Tunnel construction is critically dependent on geotechnical investigations, as these offer the best inputs for identifying the most efficient technique to be deployed for tunnel excavation. Another factor that determines the choice between mechanised and non-mechanised tunnelling is cost. Mechanised tunnelling usually involves higher equipment and transportation costs as compared to the conventional tunnelling technique. However, mechanised methods offer speedy project completion, thereby allowing faster inflow of revenues. As a result, mechanised techniques are gradually replacing traditional or non-mechanised methods of tunnel construction. Advanced, technology-driven, efficient and cost-effective methods of tunnelling are being deployed in almost all infrastructure sectors in the country.
As of January 2019, tunnels spanning a length of around 783 km have either been constructed, awarded or are under construction using the drill and blast method (DBM) of tunnelling. Overall, DBM remains the dominant method of tunnelling.

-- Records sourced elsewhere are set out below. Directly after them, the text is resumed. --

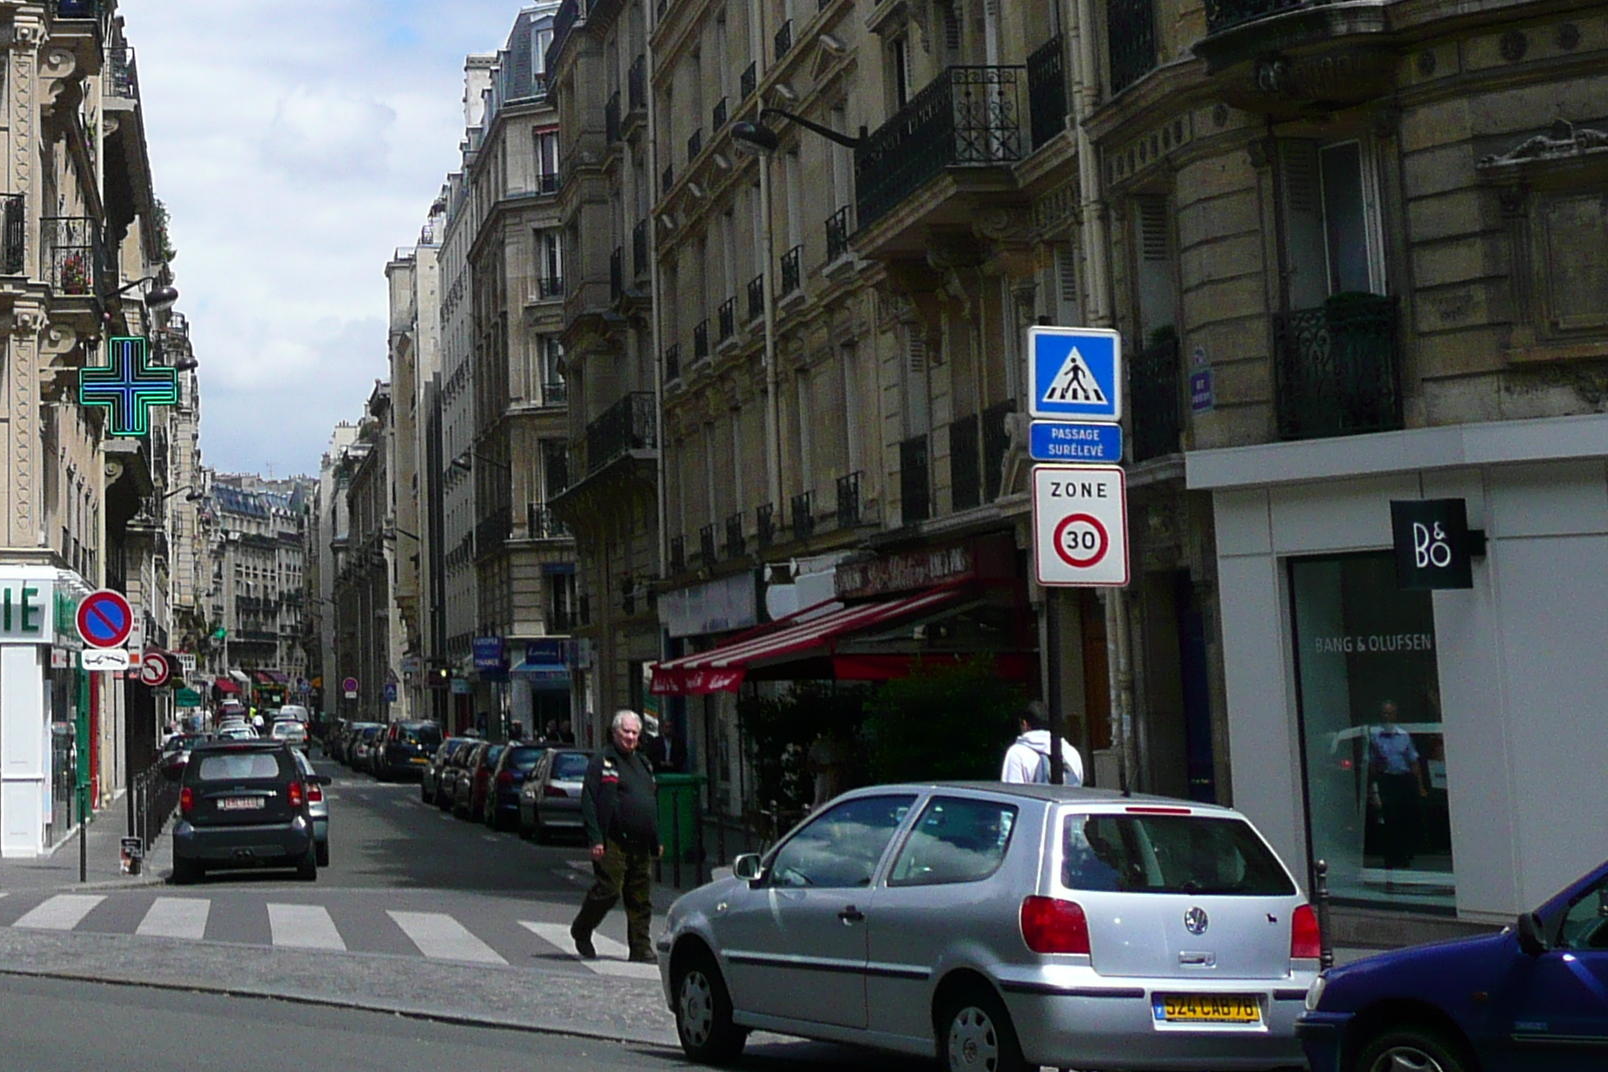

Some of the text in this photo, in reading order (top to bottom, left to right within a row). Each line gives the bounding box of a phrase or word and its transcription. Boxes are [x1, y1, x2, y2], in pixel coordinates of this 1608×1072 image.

[1052, 428, 1100, 441] PASSAGE
[1048, 443, 1104, 457] SURÉLEVÉ
[1051, 482, 1107, 498] ZONE
[1066, 531, 1096, 549] 30
[1315, 634, 1432, 653] BANG & OLUFSEN
[1200, 997, 1231, 1016] CAB

Around 47 per cent of the total tunnel length, across all sectors (completed, ongoing and under-construction projects) have been constructed using this technique. DBM is mostly prevalent in the hydropower sector. Other sectors such as railways, metro and water supply also account for significant tunnel length being constructed/already constructed using this method. This technology is mostly deployed in areas that are less congested and has also been preferred in hilly areas (Himalayas and Western Ghats) where it is difficult to transport equipment like tunnel boring machines (TBMs).
In recent years, the New Austrian Tunnelling Method (NATM) has been gaining prominence, especially in the railway and metro rail sectors. While the hydropower sector accounts for the largest share of 49 per cent (78.3 km) of the total tunnel length constructed (completed projects) using this technology, the railway sector accounts for the largest share of 75 per cent (219.92 km) of the total tunnel length under construction.

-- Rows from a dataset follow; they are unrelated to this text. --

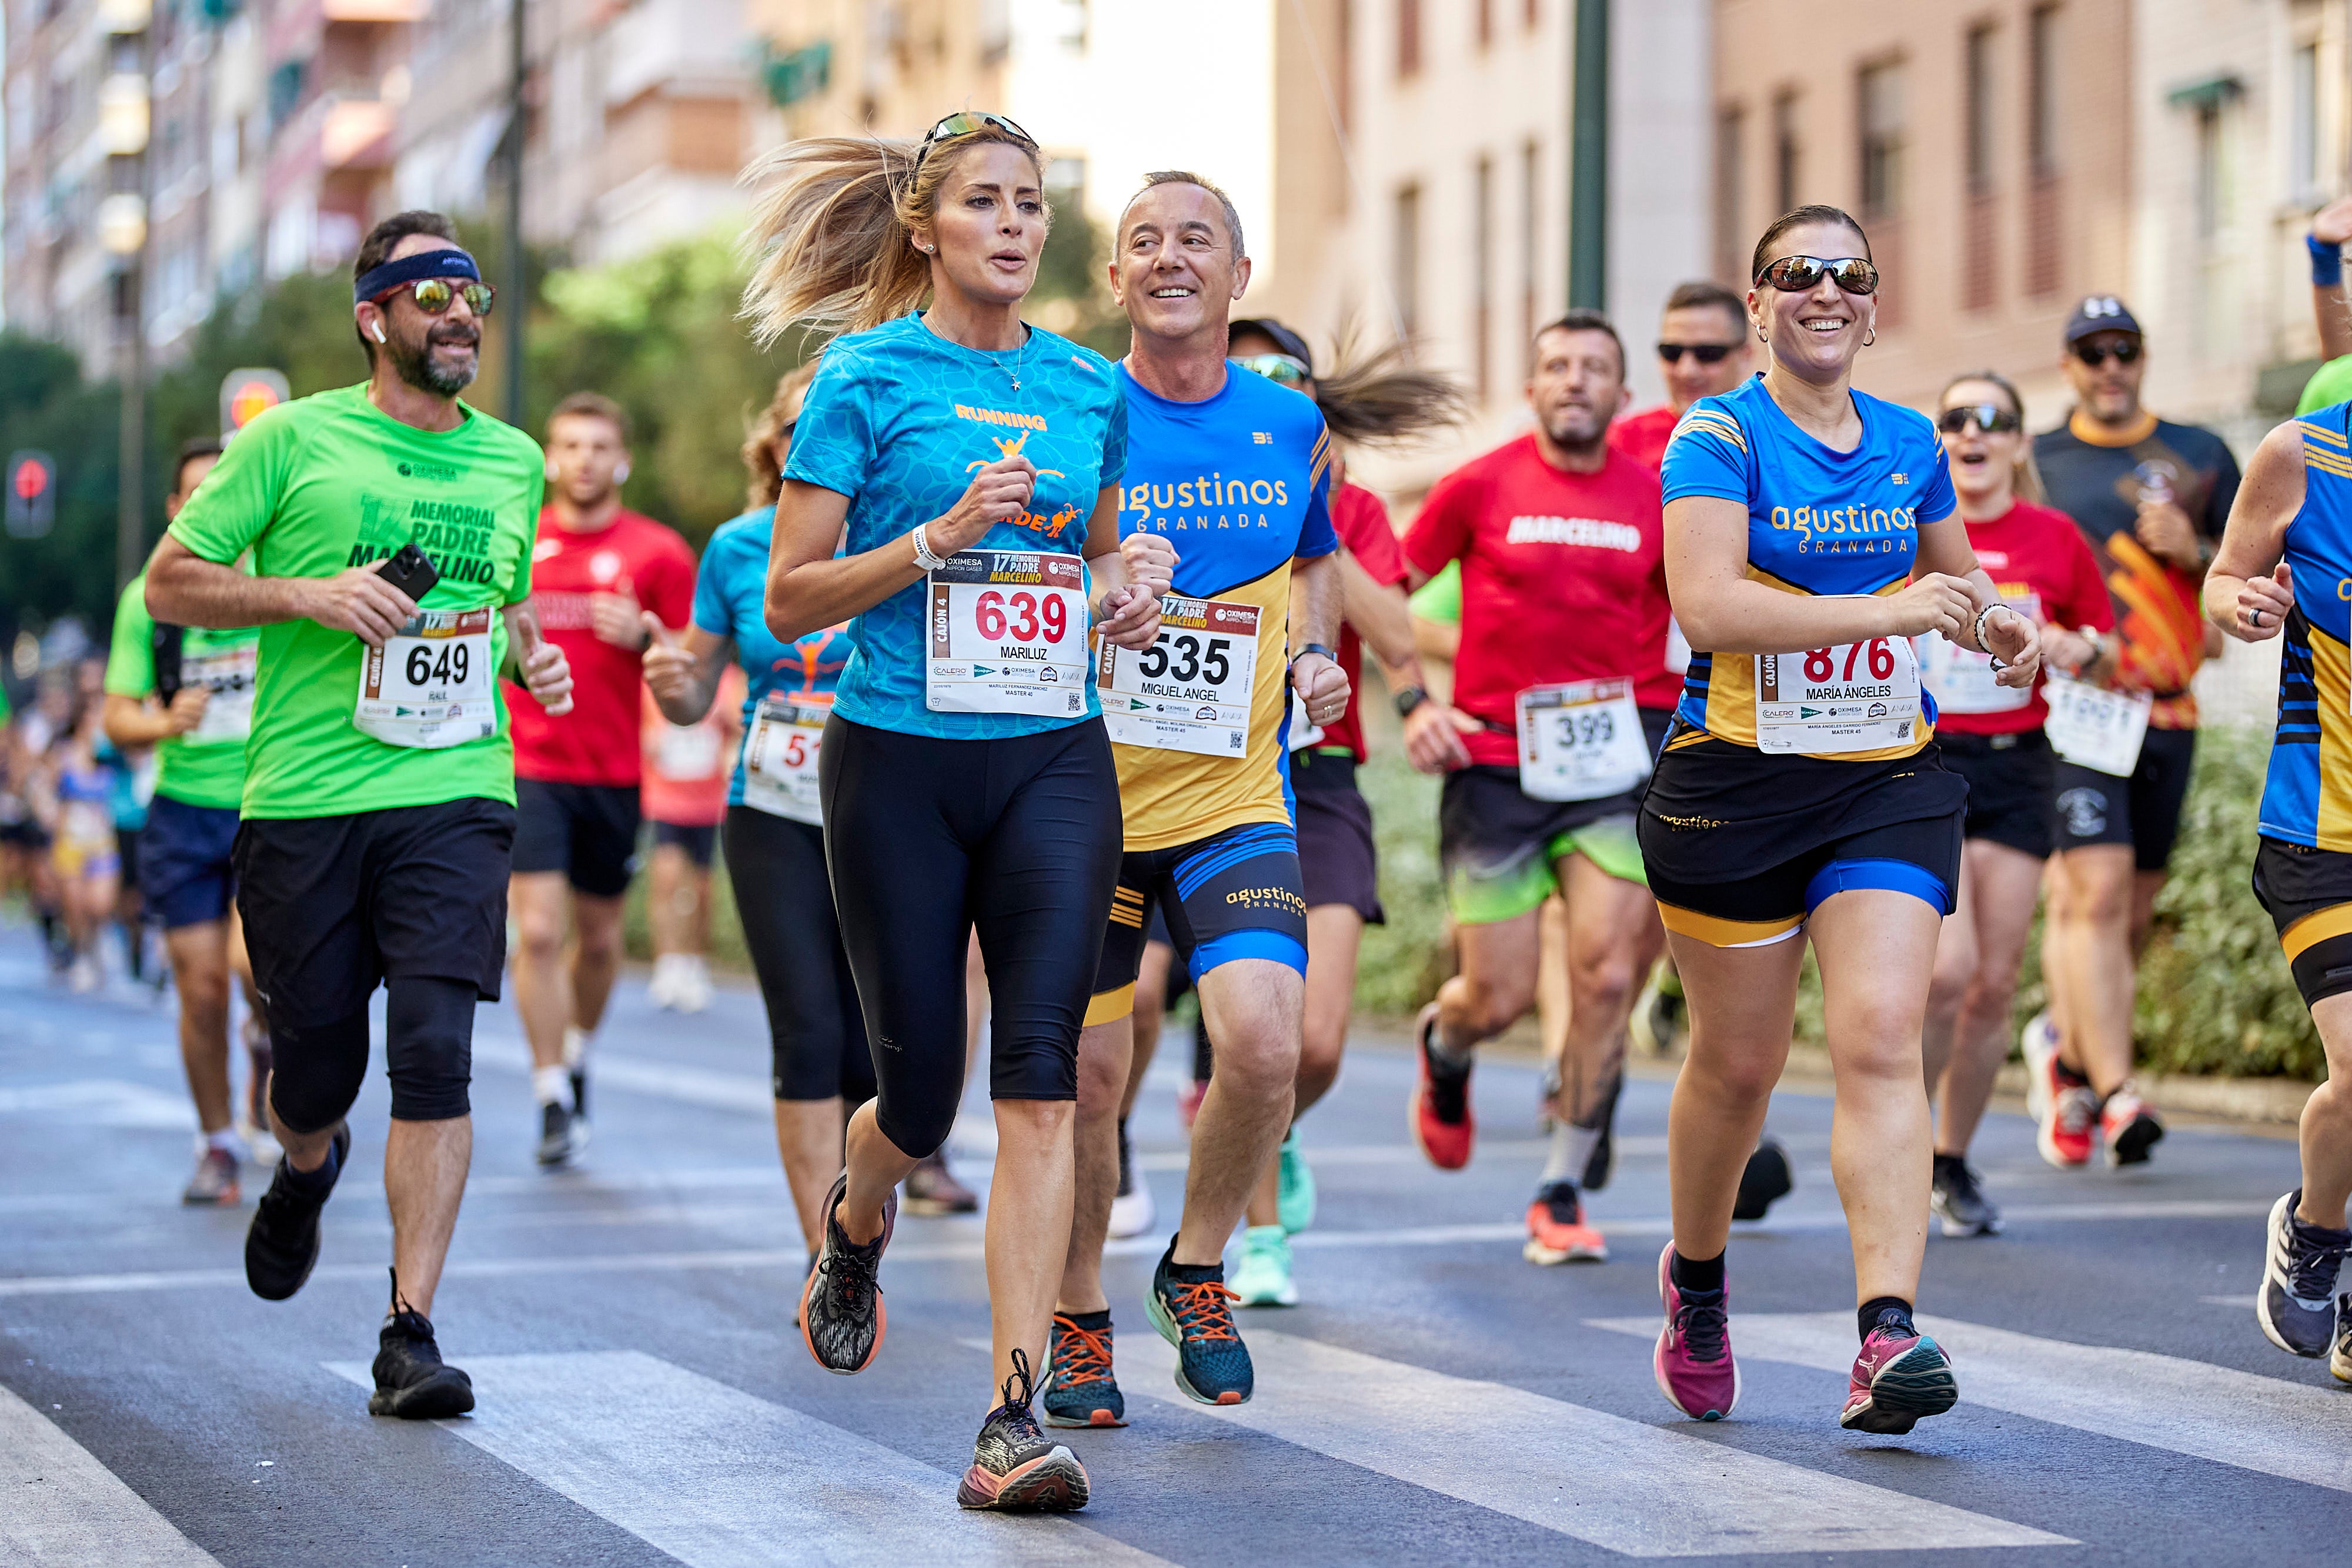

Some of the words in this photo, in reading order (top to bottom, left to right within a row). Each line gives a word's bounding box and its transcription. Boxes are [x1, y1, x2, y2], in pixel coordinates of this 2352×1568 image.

[954, 403, 1047, 432] RUNNING
[410, 500, 496, 529] MEMORIAL
[1137, 513, 1268, 532] GRANADA
[1771, 503, 1916, 540] agustinos
[412, 522, 491, 556] PADRE
[1799, 539, 1907, 553] GRANADA
[347, 544, 495, 583] MAELINO
[994, 554, 1011, 572] 17
[1010, 554, 1040, 563] MEMORIAL
[1010, 562, 1038, 573] PADRE
[989, 571, 1041, 583] MARCELINO
[1059, 563, 1080, 573] OXIMESA
[1160, 597, 1178, 615] 17
[1177, 607, 1205, 618] PADRE
[1178, 600, 1208, 610] MEMORIAL
[935, 609, 947, 643] CAJÓN
[941, 599, 947, 607] 4
[975, 591, 1067, 644] 639
[1001, 646, 1047, 660] MARILUZ
[1102, 643, 1115, 674] CAJÓN
[1139, 633, 1230, 685] 535
[1803, 637, 1895, 683] 876
[406, 643, 468, 686] 649
[1762, 654, 1775, 687] CAJÓN
[1061, 672, 1081, 681] ANAYA
[1141, 683, 1182, 698] MIGUEL
[1183, 688, 1219, 701] ANGEL
[1806, 685, 1842, 700] MARÍA
[1843, 683, 1891, 698] ÁNGELES
[1891, 704, 1913, 713] ANAYA
[1558, 710, 1613, 747] 399
[784, 734, 820, 768] 5
[1244, 901, 1302, 917] GRANADA

With regard to the overall tunnel length completed, ongoing and awarded, the railway sector accounts for the largest share at 50 per cent (240.82 km), followed by the metro sector at 21 per cent (100.32 km) and the hydropower sector at 16 per cent (78.3 km). With the large pipeline of metro projects planned for implementation, NATM is expected to pick up further going forward.

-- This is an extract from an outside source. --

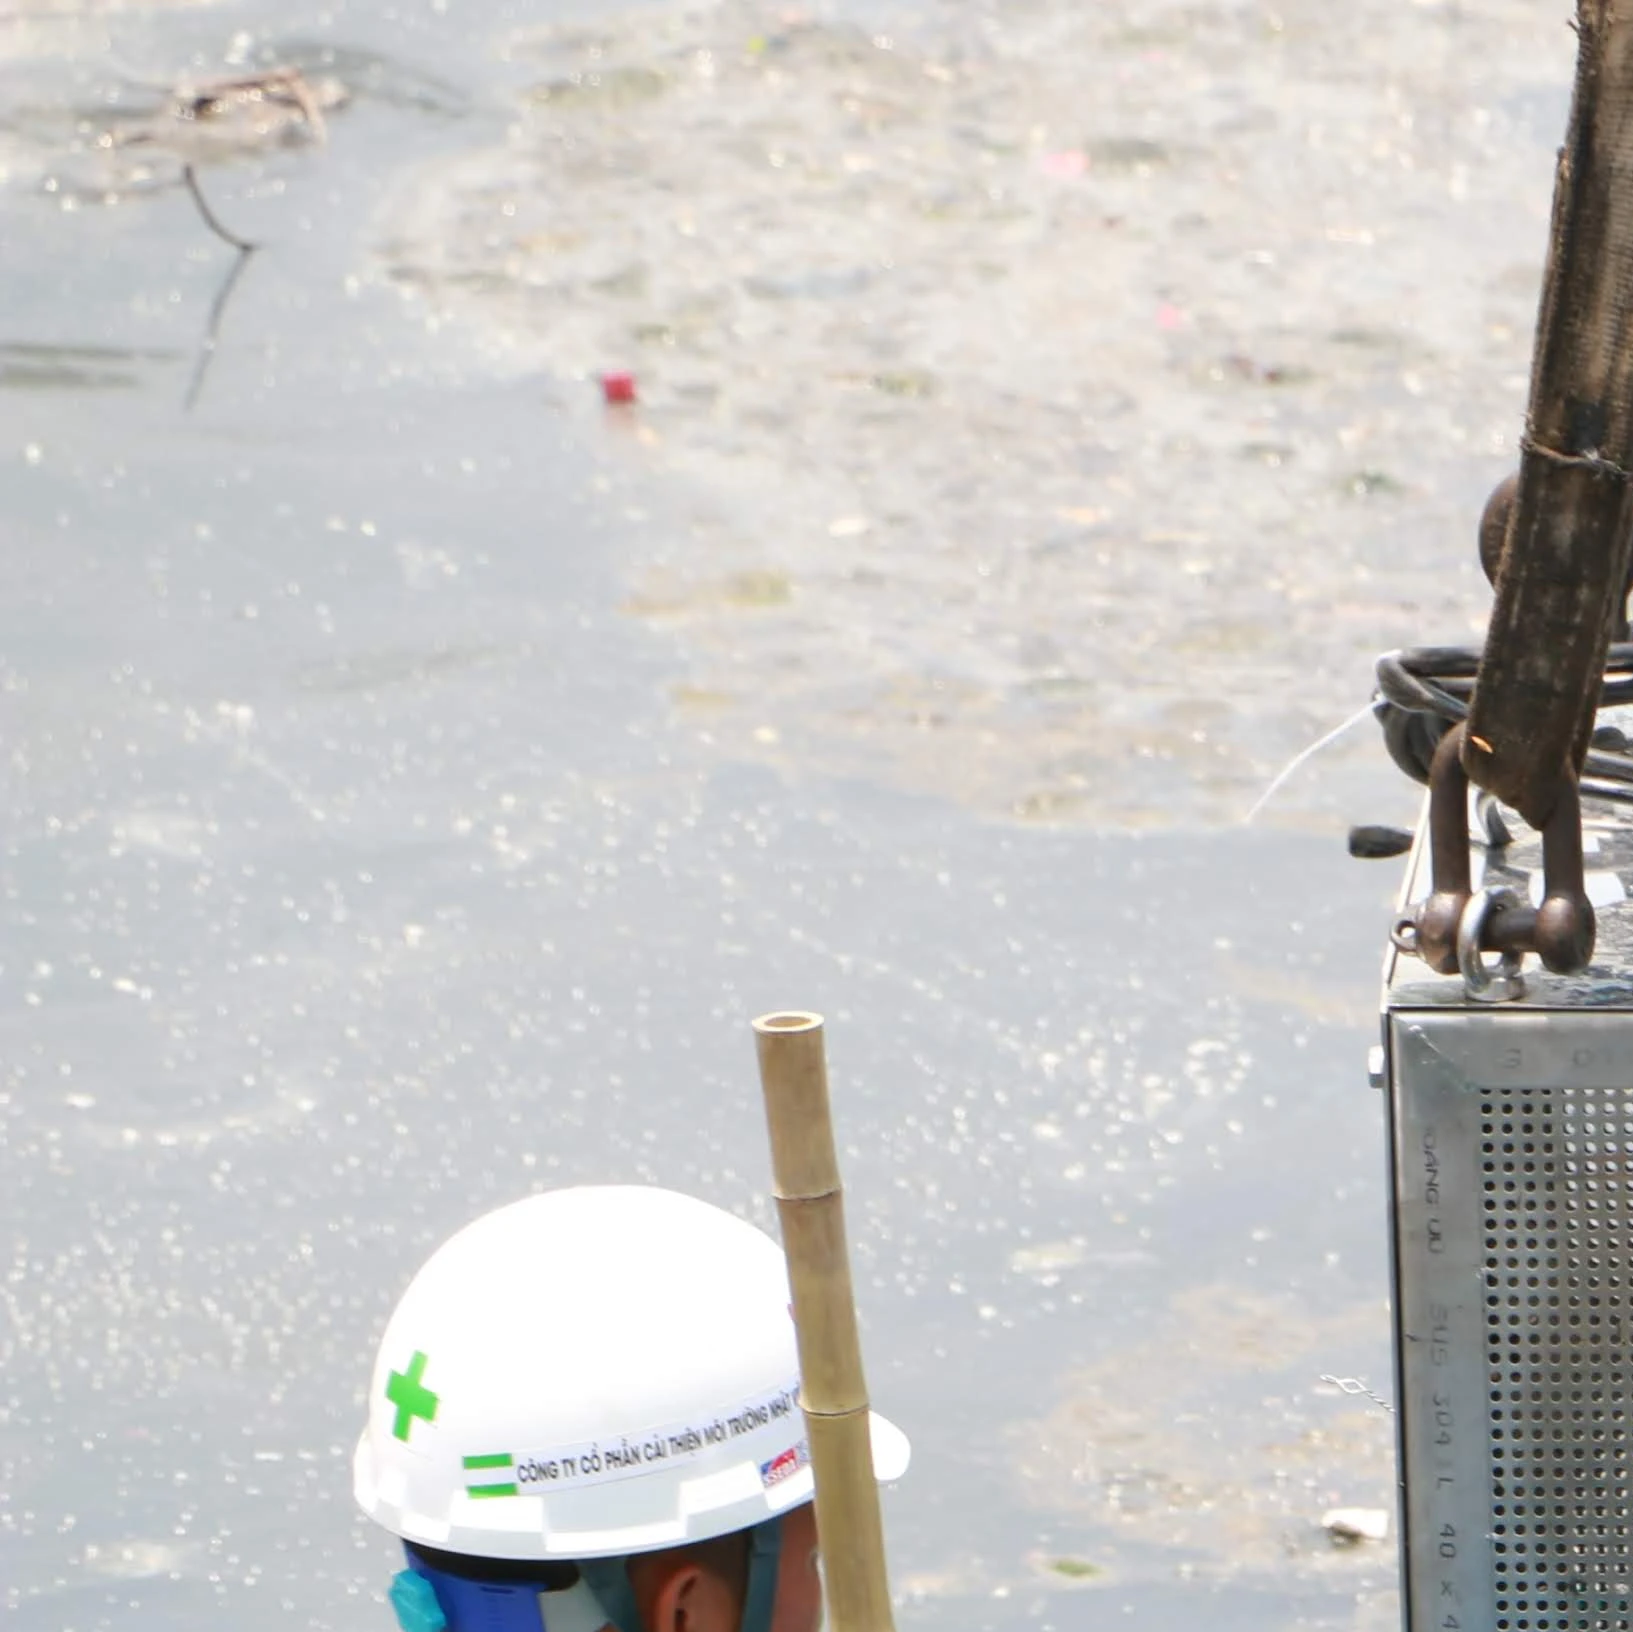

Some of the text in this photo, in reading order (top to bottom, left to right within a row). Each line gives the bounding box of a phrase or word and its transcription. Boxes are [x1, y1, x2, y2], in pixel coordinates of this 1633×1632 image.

As of January 2019, tunnels spanning a length of around 247 km have either been awarded, are under construction or have been constructed using conventional tunnelling techniques. Sector-wise, conventional techniques are mostly prevalent in the hydropower sector. One of the reasons behind this is the inability to use TBMs in hilly areas where hydro projects are developed. Tunnels spanning a length of more than 172 km have been constructed, are under construction or have been awarded using conventional technology.
DBM is the dominant method of tunnelling in India. Going forward, the trend is expected to continue across all sectors due to its benefit of being more flexible vis-à-vis TBMs and since it has the capability of handling multiple challenges unlike TBMs that require greater uniformity in operations. Unlike TBMs, the DBM technique is also more suitable for use in tough terrain that poses challenging geological conditions. Moreover, the mobilisation and demobilisation of TBM machinery is difficult in such terrains, which makes DBM a preferred technology.
Recently, GHH India Mining and Tunnelling Equipment Private Limited, incorporated in October 2016 as a subsidiary company of GHH Fahrzeuge (Germany), has emerged as a new entrant in the DBM market. Given the pace of infrastructural development, a greater number of foreign players are expected to enter the tunnelling equipment market going forward.
Cost-effective and technologically advanced DBM equipment such as computerised jumbos, designed to undertake tunnelling with greater precision, have been gaining prominence in recent years. This equipment is capable of minimising losses by eliminating the chance of over-excavating tunnels, which then requires costly materials to fill.
The NATM has existed in India for a long time now. However, this method requires a full package for implementation – smooth blasting, quick support at the face, proper geotechnical displacement monitoring, quality assurance and control on the primary support, and contract set-up in line with the tunnelling approach. NATM is a flexible and cost-efficient technique.
DBM, on the other hand, is very flexible and adaptable with comparatively lower costs. That said, there is a need for careful planning for the optimum selection of tunnelling alternatives, because a wrong choice can lead to costly and time-consuming consequences.